**Your objective:**
Please reproduce the entries exactly as they appear below, but not the pictures.

(Recorded data)
☆ ☆ ☆ ☆ ☆ ☆ ☆
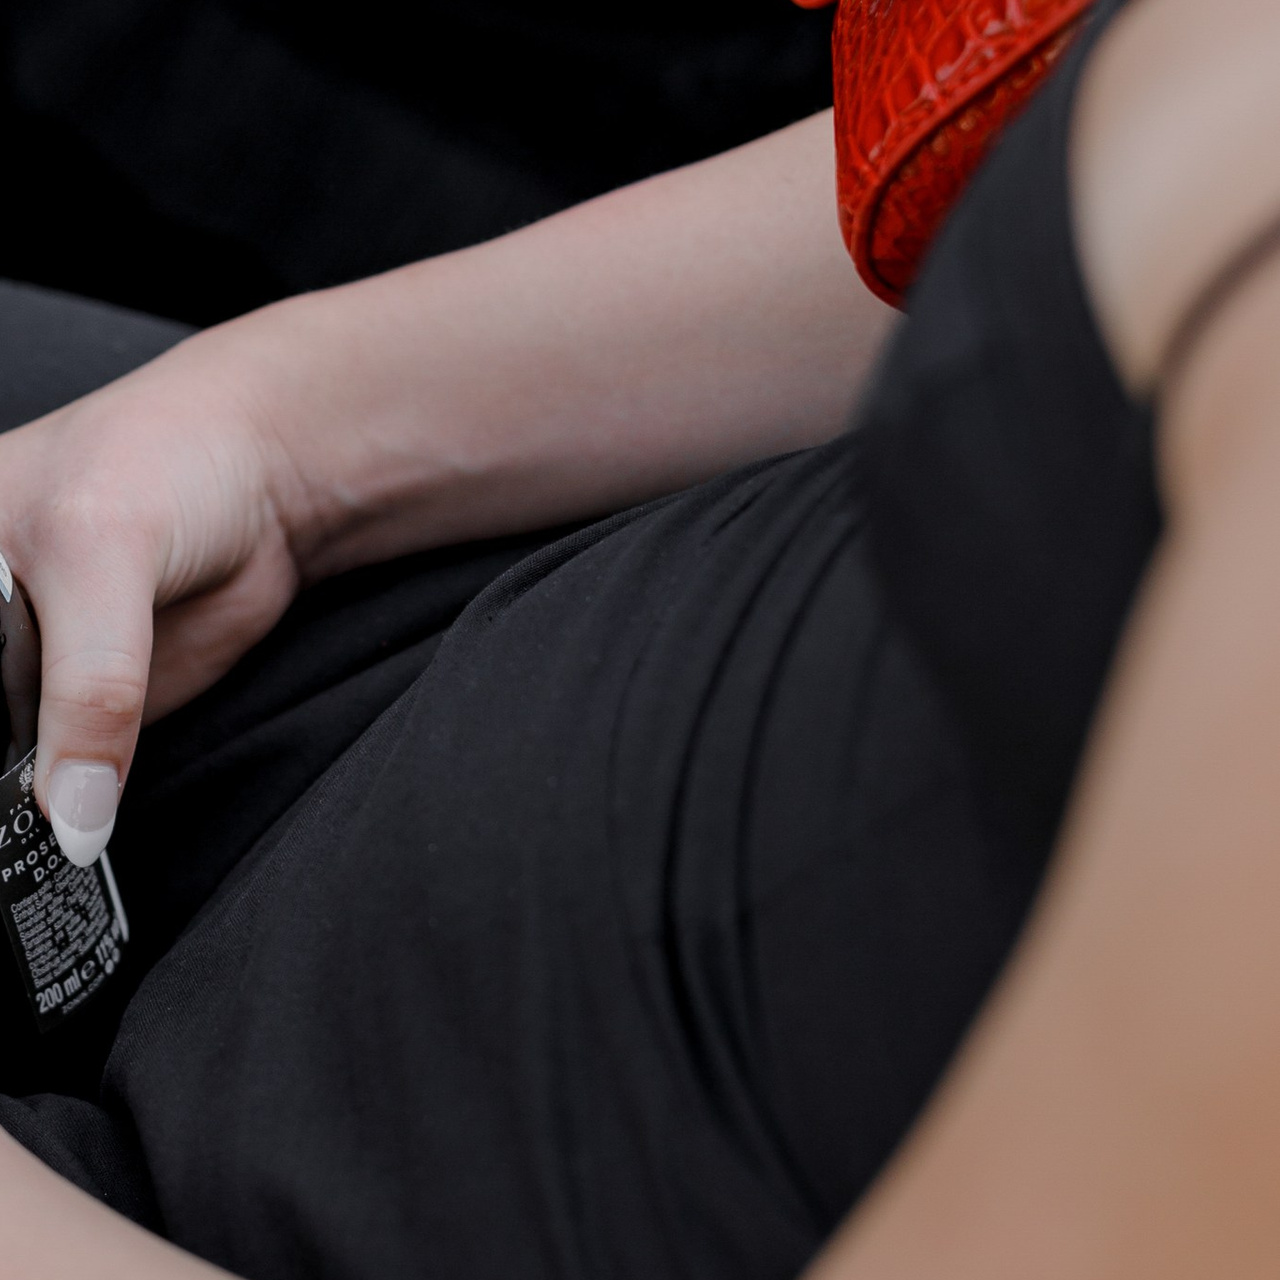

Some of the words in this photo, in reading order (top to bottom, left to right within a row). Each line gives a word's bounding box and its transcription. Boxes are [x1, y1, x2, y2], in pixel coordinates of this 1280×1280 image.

[10, 795, 30, 816] FAM
[1, 832, 58, 882] PROSE
[35, 982, 64, 1014] 200
[63, 967, 82, 997] ml
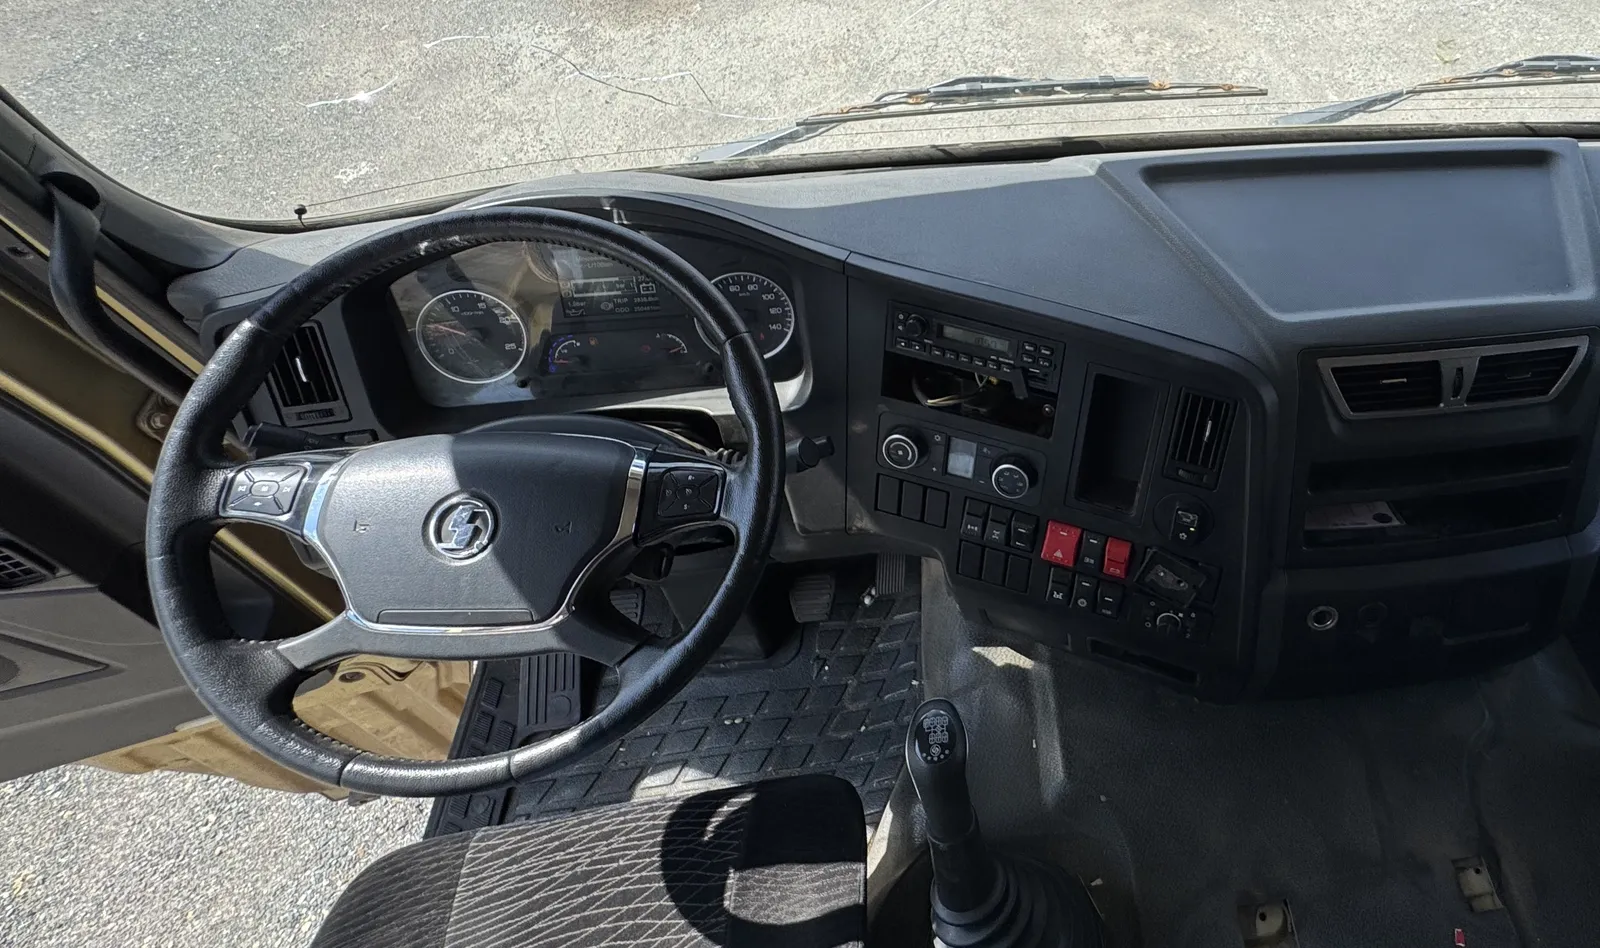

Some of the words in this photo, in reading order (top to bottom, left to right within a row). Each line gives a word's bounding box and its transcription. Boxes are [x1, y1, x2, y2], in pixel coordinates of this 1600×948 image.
☆ ☆ ☆ ☆ ☆ ☆ ☆
**Result of the task:**
Some of the words in this photo, in reading order (top to bottom, left to right within a row). Each line gives a word's bounding box and its transcription. Boxes are [x1, y1, x2, y2], in pixel coordinates of this 1280×1280 image.

[10, 795, 30, 816] FAM
[1, 832, 58, 882] PROSE
[35, 982, 64, 1014] 200
[63, 967, 82, 997] ml

Some of the words in this photo, in reading order (top to bottom, left to right within a row). Each line gives a word's bounding box and its transcription. Boxes are [x1, y1, x2, y2], in pixel coordinates of this 1600×948 image.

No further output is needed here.